I’m sitting next to my neighbors Dustin and Kristen who have come to church, possibly because I interviewed Dustin on Friday for this article. I want to ask the group to pray for Kristen’s teen-aged son who moved out recently, but I don’t want to make them more uncomfortable than they probably already are.
Annie starts the prayer, then after a second or two of silence, people randomly pray for the items that were mentioned. David prays for my April master’s tuition which I’ve been struggling to earn, and I’m reminded how much I love getting and giving emotional support in the house church.

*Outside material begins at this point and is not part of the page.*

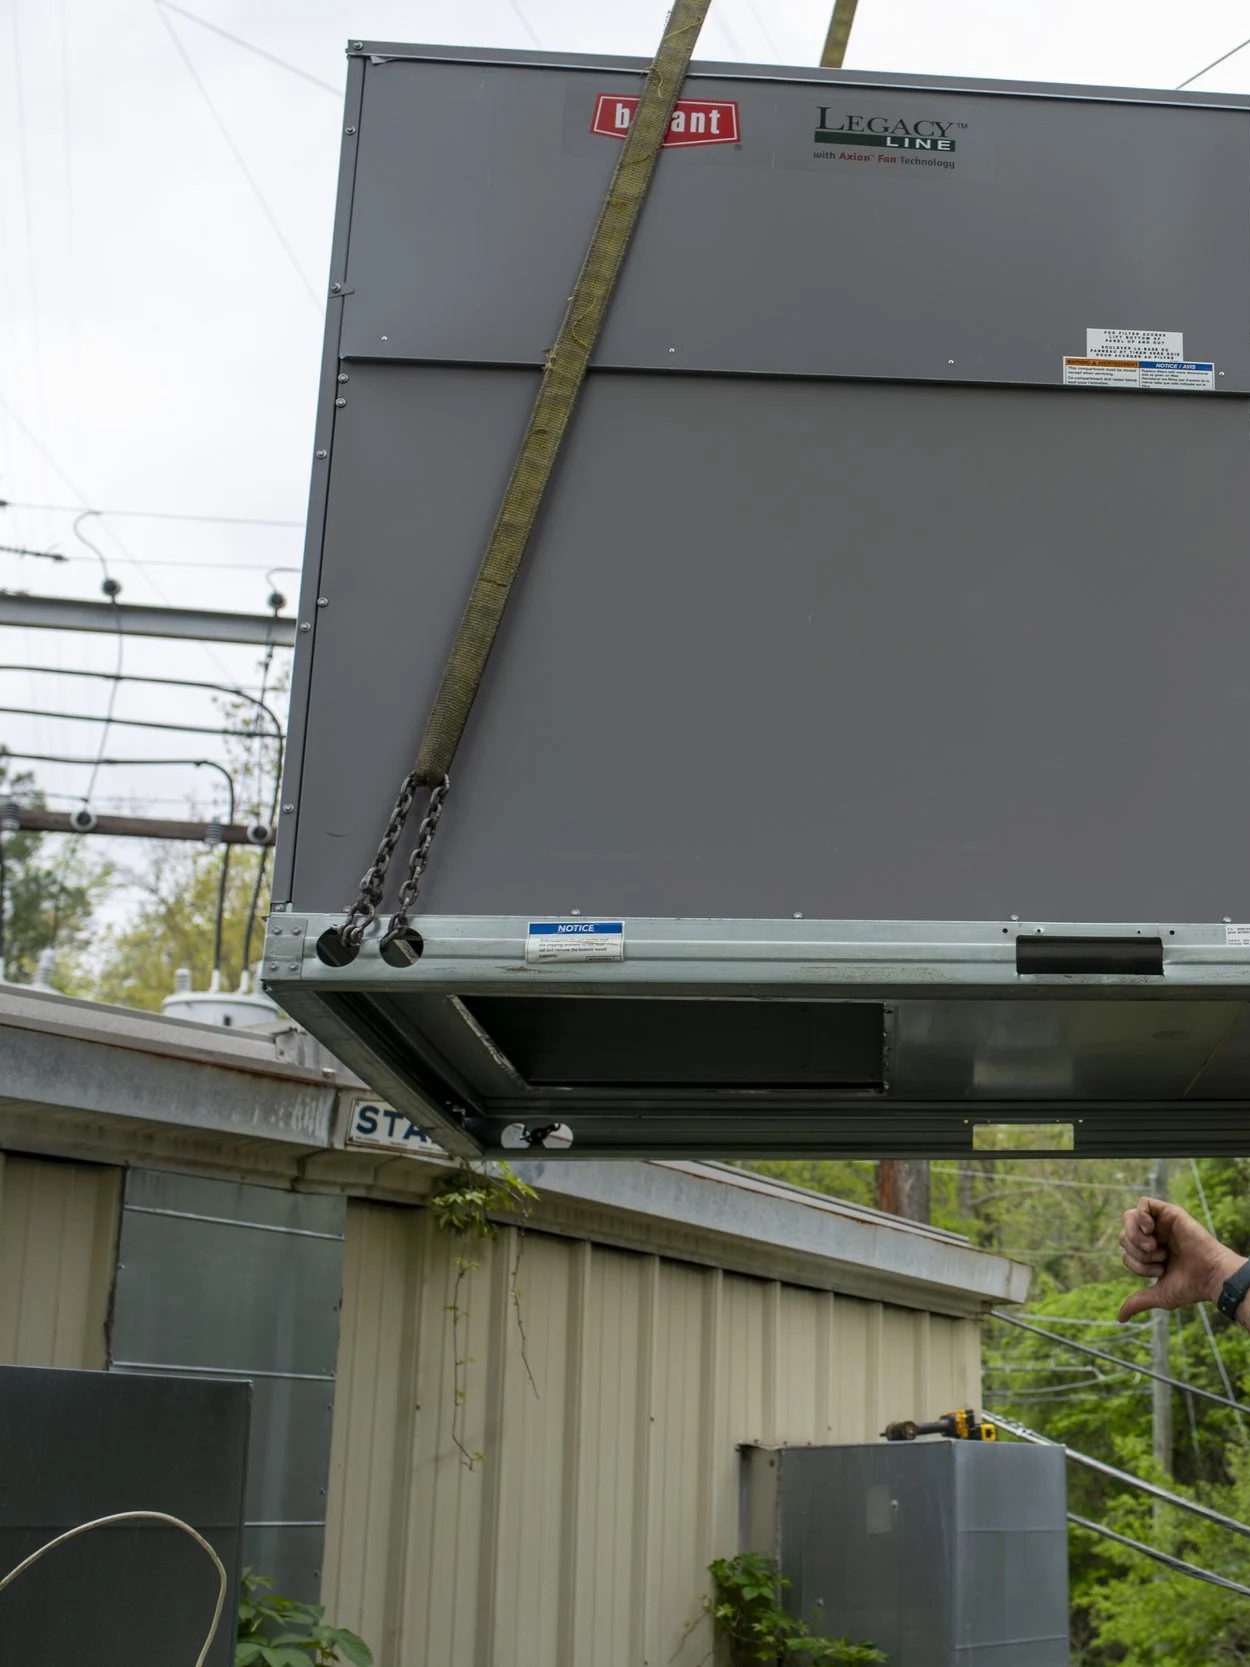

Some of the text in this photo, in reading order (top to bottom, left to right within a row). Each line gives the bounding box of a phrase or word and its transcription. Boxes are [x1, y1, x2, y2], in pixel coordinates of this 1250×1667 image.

[614, 103, 721, 135] bant
[815, 106, 954, 137] LEGACY
[885, 136, 952, 151] LINE
[813, 151, 956, 170] with Axion Fan Technology

Annie says, “Amen,” and people grab a second cup of coffee while Luke picks up the guitar he’s worn an extra hole in and settles a harmonica holder around his neck. He launches into a several song set accompanied on the Cajón, a box-shaped drum, by Annie’s husband Matthew. We sing along with the words scrolling across the TV.
As Luke lays down his guitar, Dustin, says, “Now I see how Luke got Lauren—it was the harmonica!” People laugh and chatter rises around the room.
Lauren says, “Okay, people, focus.” It’s her turn in the rotation of a half dozen people who like to teach. She leads a group discussion based on a Bible passage about how we can serve the people around us.
“Does it count if you serve with a crappy attitude?” someone asks.
Dustin chimes in that he often offers to help people with remodeling. “Sometimes I wake up in the morning and I’m not into it. But I always feel better if I suck it up and do the job.” Earlier, I’d asked Dustin, a Mormon why he’d wanted to visit our church. He said, “I figured I could check it out without people freaking bugging me afterward.”
Lauren closes the morning with a brief prayer.
Later, over lunch, I press Jim for his views.
“I believe the church is about relationship—with God and each other. This is the best expression of the church I’ve experienced. But we’re still learning.”
Our son, another David, who has founded house churches in Arizona and Kentucky adds, “The house church is a safe place for people who have been hurt by the established church.”
“What do you see as drawbacks?” I prod.
David answers, “Sometimes house churches fizzle out.”
Jim nods, agreeing. “And then there’s my pride. I have a Master of Divinity—a degree equal in difficulty to a Juris Doctorate, I’m told—and after 35 years as a pastor, I lead a church of 20 people.”
I snicker and Jim’s lips turn up at the corners. After three decades of marriage, he knows what I’m thinking.
I’m remembering a comment about church size by Jim’s colleague at a nearby church. “It’s like we’re stuck in the junior high locker room wishing we were all hung like Bobby Woods. Bigger is not necessarily better.”